PROMPT ▸
Output all entries exactly as they appear and skip the pictures.

Stored entries ▸
________

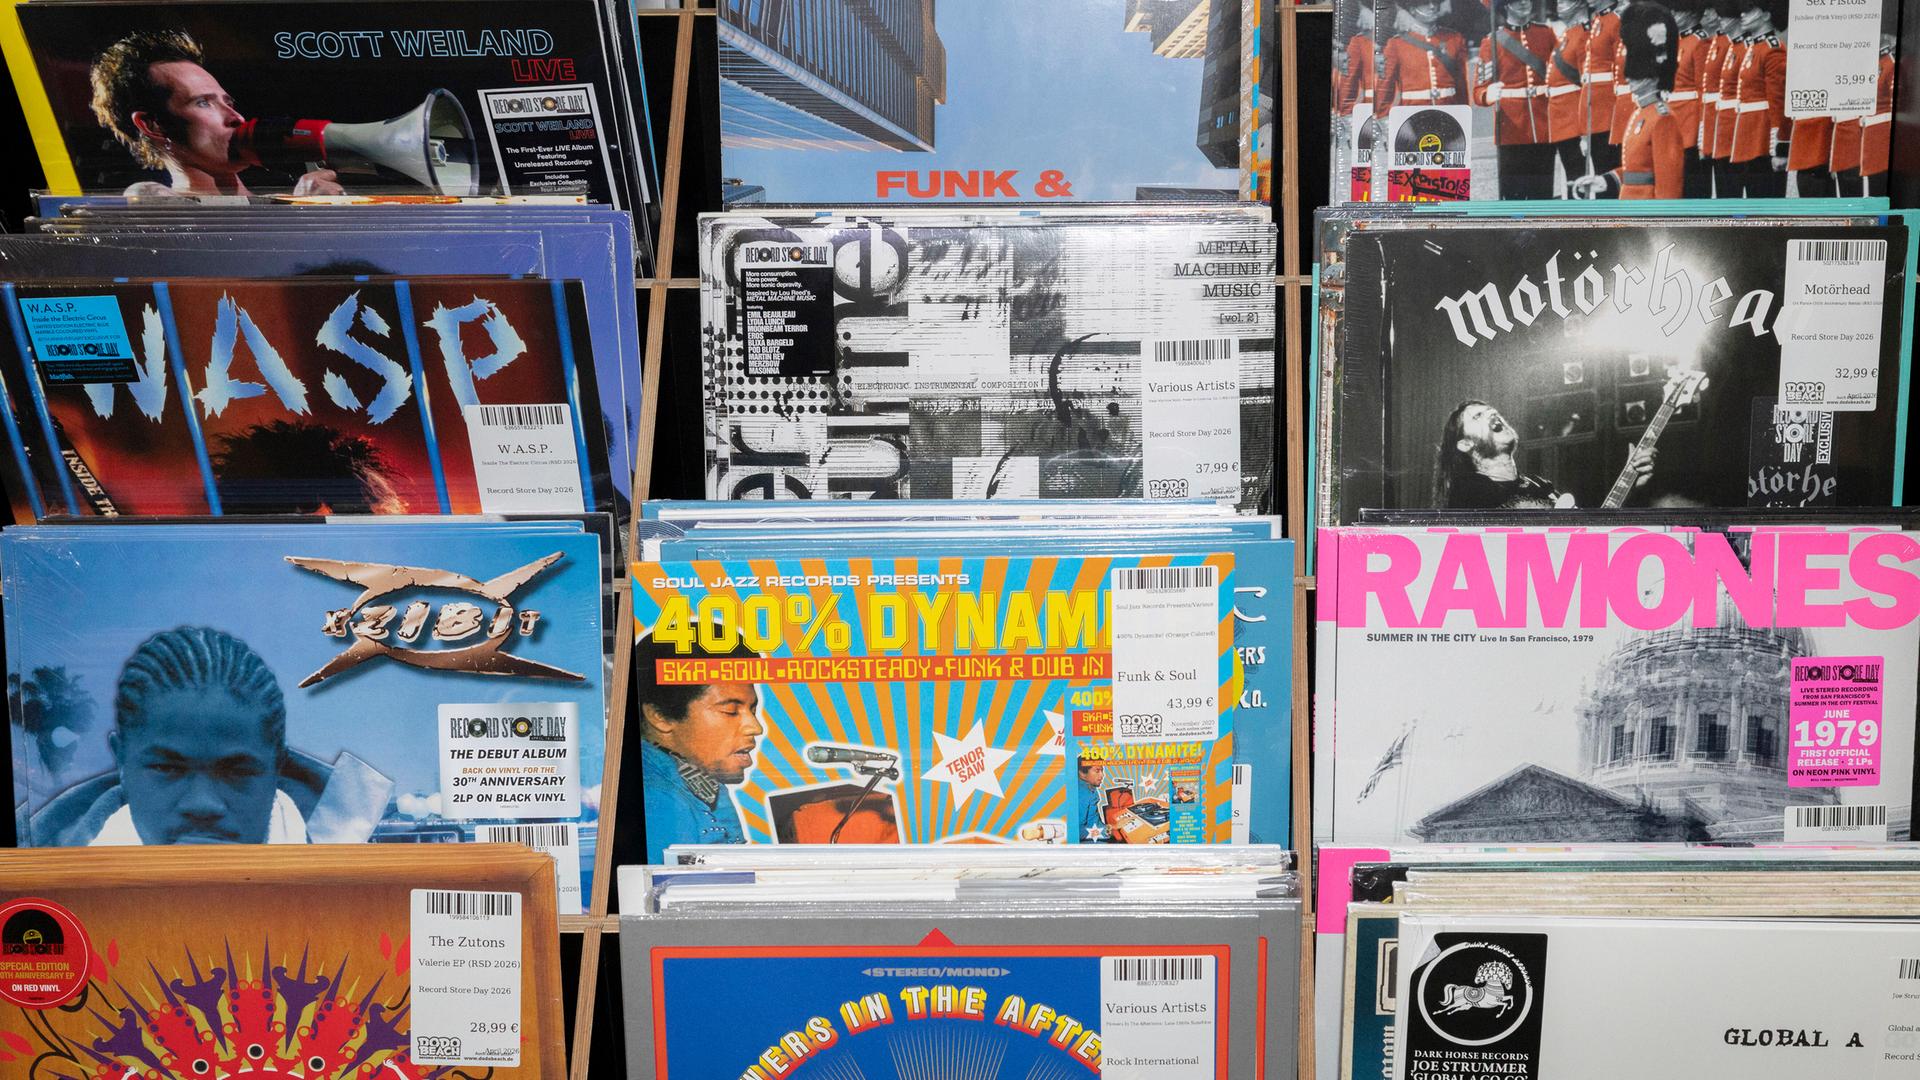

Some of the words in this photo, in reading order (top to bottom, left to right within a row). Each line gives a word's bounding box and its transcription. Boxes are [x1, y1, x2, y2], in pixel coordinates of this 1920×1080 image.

[275, 30, 385, 59] SCOTT
[391, 28, 554, 57] WEILAND
[512, 58, 577, 82] LIVE
[1835, 75, 1866, 85] 35,99
[1869, 74, 1875, 84] €
[876, 170, 1020, 199] FUNK
[1034, 169, 1075, 198] &
[1199, 240, 1262, 254] METAL
[1174, 263, 1261, 277] MACHINE
[1202, 283, 1261, 298] MUSIC
[1805, 284, 1870, 295] Motörhead
[27, 303, 77, 313] W.A.S.P.
[1840, 334, 1853, 342] Day
[1835, 368, 1868, 379] 32,99
[1871, 368, 1879, 377] €
[981, 381, 1039, 389] COMPOSITION
[1149, 382, 1192, 392] Various
[1196, 381, 1235, 391] Artists
[1786, 391, 1824, 401] BEACH
[498, 444, 553, 453] W.A.S.P.
[1196, 463, 1228, 474] 37,99
[1232, 462, 1239, 471] €
[652, 577, 705, 589] SOUL
[710, 576, 759, 588] JAZZ
[765, 575, 860, 587] RECORDS
[866, 574, 970, 586] PRESENTS
[1337, 532, 1920, 630] RAMONES
[652, 591, 852, 655] 400%
[1367, 633, 1413, 642] SUMMER
[1416, 634, 1428, 642] IN
[1431, 634, 1450, 642] THE
[1454, 634, 1476, 642] CITY
[1528, 635, 1570, 643] Francisco,
[1032, 656, 1075, 677] DUB
[1082, 655, 1104, 676] IN
[1117, 671, 1150, 682] Funk
[1154, 671, 1164, 681] &
[1170, 669, 1197, 680] Soul
[1167, 698, 1202, 709] 43,99
[1206, 697, 1213, 707] €
[1823, 710, 1850, 719] JUNE
[547, 717, 566, 737] DAY
[1794, 720, 1878, 747] 1979
[450, 750, 474, 759] THE
[478, 749, 519, 759] DEBUT
[522, 749, 567, 758] ALBUM
[1081, 744, 1123, 760] 400%
[1128, 743, 1201, 759] DYNAMITE!
[1801, 749, 1826, 757] FIRST
[1829, 749, 1870, 757] OFFICIAL
[946, 746, 985, 775] TENOR
[1797, 759, 1839, 767] RELEASE
[1856, 758, 1872, 766] LPs
[959, 759, 985, 783] SAW
[453, 777, 477, 786] 30TH
[480, 776, 566, 786] ANNIVERSARY
[453, 794, 473, 802] 2LP
[477, 794, 492, 802] ON
[496, 794, 531, 802] BLACK
[534, 794, 566, 802] VINYL
[429, 936, 454, 947] The
[458, 936, 505, 948] Zutons
[0, 962, 33, 971] SPECIAL
[36, 962, 69, 970] EDITION
[418, 959, 450, 967] Valerie
[468, 959, 491, 968] (RSD
[494, 960, 520, 969] 2026)
[12, 984, 23, 992] ON
[24, 984, 38, 992] RED
[39, 984, 60, 992] VINYL
[473, 987, 489, 995] Day
[1106, 1003, 1157, 1014] Various
[1162, 1002, 1206, 1013] Artists
[470, 1022, 506, 1034] 28,99
[511, 1023, 518, 1033] €
[840, 992, 894, 1036] IN
[900, 985, 987, 1020] THE
[994, 994, 1101, 1074] AFTE
[417, 1036, 461, 1047] DODO
[1724, 1028, 1829, 1047] GLOBAL
[1845, 1032, 1864, 1048] A
[419, 1046, 461, 1056] BEACH
[1415, 1050, 1443, 1058] DARK
[1445, 1050, 1479, 1060] HORSE
[1482, 1052, 1529, 1060] RECORDS
[1107, 1058, 1131, 1066] Rock
[1134, 1056, 1199, 1065] International
[1412, 1060, 1440, 1072] JOE
[1442, 1062, 1527, 1073] STRUMMER

________

TASK RESPONSE ▸
Some of the words in this photo, in reading order (top to bottom, left to right within a row). Each line gives a word's bounding box and its transcription. Boxes are [x1, y1, x2, y2], in pixel coordinates of this 1920×1080 image.

[275, 30, 385, 59] SCOTT
[391, 28, 554, 57] WEILAND
[512, 58, 577, 82] LIVE
[1835, 75, 1866, 85] 35,99
[1869, 74, 1875, 84] €
[876, 170, 1020, 199] FUNK
[1034, 169, 1075, 198] &
[1199, 240, 1262, 254] METAL
[1174, 263, 1261, 277] MACHINE
[1202, 283, 1261, 298] MUSIC
[1805, 284, 1870, 295] Motörhead
[27, 303, 77, 313] W.A.S.P.
[1840, 334, 1853, 342] Day
[1835, 368, 1868, 379] 32,99
[1871, 368, 1879, 377] €
[981, 381, 1039, 389] COMPOSITION
[1149, 382, 1192, 392] Various
[1196, 381, 1235, 391] Artists
[1786, 391, 1824, 401] BEACH
[498, 444, 553, 453] W.A.S.P.
[1196, 463, 1228, 474] 37,99
[1232, 462, 1239, 471] €
[652, 577, 705, 589] SOUL
[710, 576, 759, 588] JAZZ
[765, 575, 860, 587] RECORDS
[866, 574, 970, 586] PRESENTS
[1337, 532, 1920, 630] RAMONES
[652, 591, 852, 655] 400%
[1367, 633, 1413, 642] SUMMER
[1416, 634, 1428, 642] IN
[1431, 634, 1450, 642] THE
[1454, 634, 1476, 642] CITY
[1528, 635, 1570, 643] Francisco,
[1032, 656, 1075, 677] DUB
[1082, 655, 1104, 676] IN
[1117, 671, 1150, 682] Funk
[1154, 671, 1164, 681] &
[1170, 669, 1197, 680] Soul
[1167, 698, 1202, 709] 43,99
[1206, 697, 1213, 707] €
[1823, 710, 1850, 719] JUNE
[547, 717, 566, 737] DAY
[1794, 720, 1878, 747] 1979
[450, 750, 474, 759] THE
[478, 749, 519, 759] DEBUT
[522, 749, 567, 758] ALBUM
[1081, 744, 1123, 760] 400%
[1128, 743, 1201, 759] DYNAMITE!
[1801, 749, 1826, 757] FIRST
[1829, 749, 1870, 757] OFFICIAL
[946, 746, 985, 775] TENOR
[1797, 759, 1839, 767] RELEASE
[1856, 758, 1872, 766] LPs
[959, 759, 985, 783] SAW
[453, 777, 477, 786] 30TH
[480, 776, 566, 786] ANNIVERSARY
[453, 794, 473, 802] 2LP
[477, 794, 492, 802] ON
[496, 794, 531, 802] BLACK
[534, 794, 566, 802] VINYL
[429, 936, 454, 947] The
[458, 936, 505, 948] Zutons
[0, 962, 33, 971] SPECIAL
[36, 962, 69, 970] EDITION
[418, 959, 450, 967] Valerie
[468, 959, 491, 968] (RSD
[494, 960, 520, 969] 2026)
[12, 984, 23, 992] ON
[24, 984, 38, 992] RED
[39, 984, 60, 992] VINYL
[473, 987, 489, 995] Day
[1106, 1003, 1157, 1014] Various
[1162, 1002, 1206, 1013] Artists
[470, 1022, 506, 1034] 28,99
[511, 1023, 518, 1033] €
[840, 992, 894, 1036] IN
[900, 985, 987, 1020] THE
[994, 994, 1101, 1074] AFTE
[417, 1036, 461, 1047] DODO
[1724, 1028, 1829, 1047] GLOBAL
[1845, 1032, 1864, 1048] A
[419, 1046, 461, 1056] BEACH
[1415, 1050, 1443, 1058] DARK
[1445, 1050, 1479, 1060] HORSE
[1482, 1052, 1529, 1060] RECORDS
[1107, 1058, 1131, 1066] Rock
[1134, 1056, 1199, 1065] International
[1412, 1060, 1440, 1072] JOE
[1442, 1062, 1527, 1073] STRUMMER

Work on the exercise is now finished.